The full shocking account is contained in this piece from Donald Bartlett and James Steele in the October edition of Vanity Fair.

The report implicates not only the CPA but other contractors in what amounted to widespread fraud and corruption.

"C.P.A. officials tried to keep a rough running tab on the amount disbursed to individual Iraqi agencies such as the Ministry of Finance ($7.7 billion). But there was little detail, nothing specific, on how the money was actually used. The system basically operated on "trust and faith," as one former C.P.A. official put it. Once the cash passed into the hands of the Iraqis or any other party, no one knew where it went. The C.P.A. turned over $1.5 billion in cash to Iraqi banks, for instance, but later auditors could account for less than $500 million. The United Nations retained a team of auditors to look over American shoulders.

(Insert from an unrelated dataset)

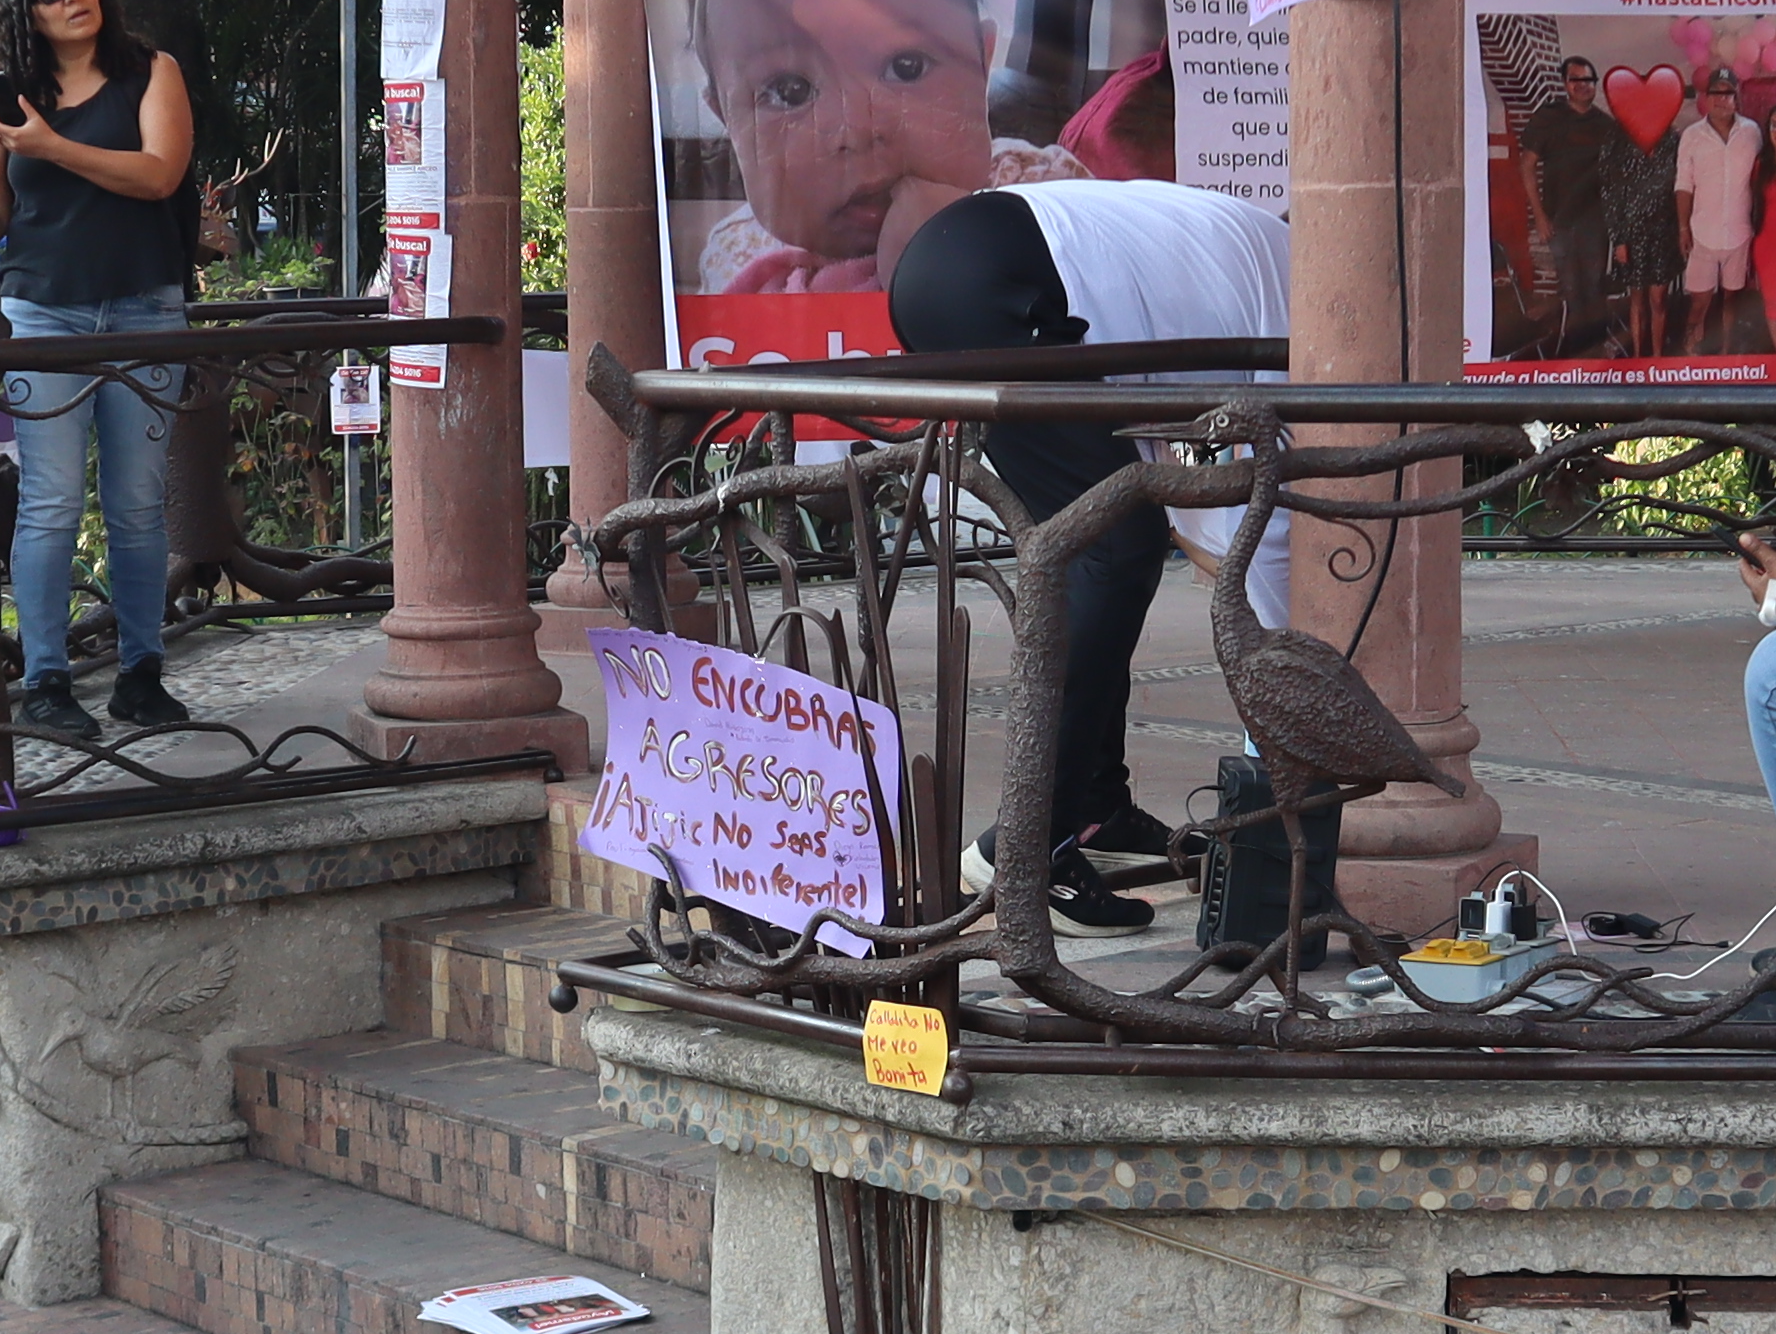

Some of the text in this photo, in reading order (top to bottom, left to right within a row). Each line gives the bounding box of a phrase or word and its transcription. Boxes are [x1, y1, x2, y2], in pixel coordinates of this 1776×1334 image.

They didn't see much, because they were largely cut off from access while the C.P.A. held power. As a report by the U.N.'s accounting consultant, KPMG, noted dryly, 'We encountered difficulties in performing our duties and meeting with key C.P.A. personnel.'

" 'There was corruption everywhere,' said one former military officer who worked with the C.P.A. in Baghdad in the months after the invasion. Some of the Iraqis who were put in charge of ministries after Saddam's fall had never run a government agency before. Their inexperience aside, he said, they lived in constant fear of losing their jobs or their lives. All many cared about, he added, was taking care of themselves. "You could see that a lot of them were trying their best to get a quick retirement fund before they were ousted or killed," he added. 'You just get what you can while you're in that position of power. Instead of trying to build the nation, you build yourself.'

"Did any withdrawals from the vault pay for secret activities by government personnel? It is an obvious possibility. Much of the cash was clearly destined for American contractors or Iraqi subcontractors. Sometimes the Iraqis came to the palace to collect their cash; other times, when they were reluctant to show up at the American compound, U.S. military personnel had to deliver it themselves. One of the riskier jobs for some U.S. military men was to fill up a car with bags of cash and drive the money to contractors in Baghdad neighborhoods, handing it over like a postal worker delivering mail.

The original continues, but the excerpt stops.